Há uma doçura indescritível na forma como a mulher se dirige a Jesus pela última vez – uma ousadia e uma doçura que não podem ser separadas; mas esta é outra maneira, não é, de dizer que ela está ardentemente apaixonada? Ela ilustra perfeitamente uma visão de João Crisóstomo no sentido de que “quem é amado move-se conforme sua vontade dentro do coração daquele que o ama”. 8 O que começou como uma espécie de confiança desesperada, entretanto, transformou-se na plena intimidade do amor. Esta mulher não literalmente “se sentiu em casa” tendo Jesus como seu Senhor pessoal? Ela obviamente não planeja passar o resto de sua existência sob o abrigo da mesa de banquete dele? Ela não passou de cão de rua a cão de mesa familiar, que, simplesmente baixando a mão, o dono pode a qualquer momento acariciar distraidamente, mesmo no meio de uma conversa com dignitários importantes?
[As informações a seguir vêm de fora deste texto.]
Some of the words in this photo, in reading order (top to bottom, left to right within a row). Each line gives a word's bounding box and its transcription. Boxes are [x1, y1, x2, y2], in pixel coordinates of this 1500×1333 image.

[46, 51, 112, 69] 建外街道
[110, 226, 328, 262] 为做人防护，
O que poderá explicar toda esta liberdade de movimentos da mulher, todas estas liberdades que ela toma com Jesus, senão o facto de ela ter sentido o aroma irreprimível do seu amor que flutua através dos seus silêncios e recusas iniciais?
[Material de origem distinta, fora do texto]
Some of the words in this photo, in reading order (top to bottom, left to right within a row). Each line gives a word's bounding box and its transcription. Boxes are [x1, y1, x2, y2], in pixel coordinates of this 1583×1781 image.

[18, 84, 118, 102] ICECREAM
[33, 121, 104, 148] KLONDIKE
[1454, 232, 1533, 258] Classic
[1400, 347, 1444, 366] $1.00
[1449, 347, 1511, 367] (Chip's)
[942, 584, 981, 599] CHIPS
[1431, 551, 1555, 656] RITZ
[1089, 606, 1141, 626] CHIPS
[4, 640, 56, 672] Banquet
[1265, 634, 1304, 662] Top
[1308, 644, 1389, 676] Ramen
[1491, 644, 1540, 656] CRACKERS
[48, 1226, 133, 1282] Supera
E então ela responde ao título que ele lhe dá em forma diminutiva (ϰυνάϱια, “cachorrinhos”, em vez de ϰῦνες), primeiro, aceitando-o de bom grado como uma espécie de nome de animal de estimação, transformando-o assim de um epíteto desagradável em uma etiqueta de identidade orgulhosamente exibida. . Em seguida, como é habitual na linguagem lúdica dos amantes, ela combina com o diminutivo dele inventando um de sua autoria: ela não diz que comerá com prazer as ψῖχες (“migalhas”, plural de ψίξ) que caem da mesa dele. , mas sim o ψιχία, ou seja, as “migalhas” (plural de ψιχίον). 'Se tudo o que sou aos seus olhos é um cachorrinho', ela parece insinuar, 'então ficarei feliz comendo migalhas, desde que caiam da sua mesa.' Ninguém esperaria uma timidez tão divertida como o clímax de um diálogo severo que começou com rejeição e silêncio. Sua dança de amor com Jesus, no entanto, começou não tanto com seus gritos, mas com sua mudança de linguagem corporal.

Consideremos a sua revelação inicial para ele, a sua corrida atrás dele depois de ser rejeitada, a modulação da sua voz quando fez o segundo pedido e, acima de tudo, a sua prostração aos pés dele, com a qual queria mostrar a Jesus que ela era de facto o seu cão . — faminto pelas palavras vivificantes da Palavra, faminto pelo seu maná escondido (Ap 2,17), faminto por tudo o que possa acontecer de cair dos seus lábios. Mesmo sem o benefício da revelação, quão bem esta mulher entendeu que “o homem não vive só de pão, mas de toda palavra que sai da boca de Deus” (4:4 = Dt 8:3), na verdade, de todo migalha que cai da boca de Jesus.

Migalhas, migalhas gloriosas da mesa, migalhas celestiais do pão dos anjos caindo da boca de Cristo Deus! Que orgulho terreno poderia dissuadir o sábio de invejar a posição desta mulher aos pés de Jesus? Quem não gostaria de permanecer permanentemente naquele chão, debaixo daquela mesa? A mulher sabe que onde quer que Jesus esteja, reina a abundância, e que onde abundou o pecado, precisamente ali, pela compaixão supercompensadora de Deus, a graça superabundou ainda mais (cf. Rm 5, 20). Na Igreja, à mesa eucarística, a misericórdia de Cristo fará chover para sempre estas migalhas de vida.